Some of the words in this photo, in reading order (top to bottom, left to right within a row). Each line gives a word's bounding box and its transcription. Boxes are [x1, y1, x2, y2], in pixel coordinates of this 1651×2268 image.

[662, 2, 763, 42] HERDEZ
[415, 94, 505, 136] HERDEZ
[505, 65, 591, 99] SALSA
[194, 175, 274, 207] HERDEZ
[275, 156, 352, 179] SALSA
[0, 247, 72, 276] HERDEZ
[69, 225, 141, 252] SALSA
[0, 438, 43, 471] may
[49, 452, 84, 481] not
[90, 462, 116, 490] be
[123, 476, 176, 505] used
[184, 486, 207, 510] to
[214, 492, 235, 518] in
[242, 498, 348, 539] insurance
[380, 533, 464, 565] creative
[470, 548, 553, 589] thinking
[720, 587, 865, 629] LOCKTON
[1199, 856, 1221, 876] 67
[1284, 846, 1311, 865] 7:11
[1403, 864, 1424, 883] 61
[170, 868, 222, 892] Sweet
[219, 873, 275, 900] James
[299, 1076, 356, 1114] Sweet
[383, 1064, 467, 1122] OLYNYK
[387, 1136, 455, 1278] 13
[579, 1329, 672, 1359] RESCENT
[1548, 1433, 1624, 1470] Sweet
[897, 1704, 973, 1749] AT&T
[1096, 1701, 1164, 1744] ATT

● TASK DETAILS
Would you restate the material above word for word?

● RESPONSE TO THIS TASK
Some of the words in this photo, in reading order (top to bottom, left to right within a row). Each line gives a word's bounding box and its transcription. Boxes are [x1, y1, x2, y2], in pixel coordinates of this 1651×2268 image.

[662, 2, 763, 42] HERDEZ
[415, 94, 505, 136] HERDEZ
[505, 65, 591, 99] SALSA
[194, 175, 274, 207] HERDEZ
[275, 156, 352, 179] SALSA
[0, 247, 72, 276] HERDEZ
[69, 225, 141, 252] SALSA
[0, 438, 43, 471] may
[49, 452, 84, 481] not
[90, 462, 116, 490] be
[123, 476, 176, 505] used
[184, 486, 207, 510] to
[214, 492, 235, 518] in
[242, 498, 348, 539] insurance
[380, 533, 464, 565] creative
[470, 548, 553, 589] thinking
[720, 587, 865, 629] LOCKTON
[1199, 856, 1221, 876] 67
[1284, 846, 1311, 865] 7:11
[1403, 864, 1424, 883] 61
[170, 868, 222, 892] Sweet
[219, 873, 275, 900] James
[299, 1076, 356, 1114] Sweet
[383, 1064, 467, 1122] OLYNYK
[387, 1136, 455, 1278] 13
[579, 1329, 672, 1359] RESCENT
[1548, 1433, 1624, 1470] Sweet
[897, 1704, 973, 1749] AT&T
[1096, 1701, 1164, 1744] ATT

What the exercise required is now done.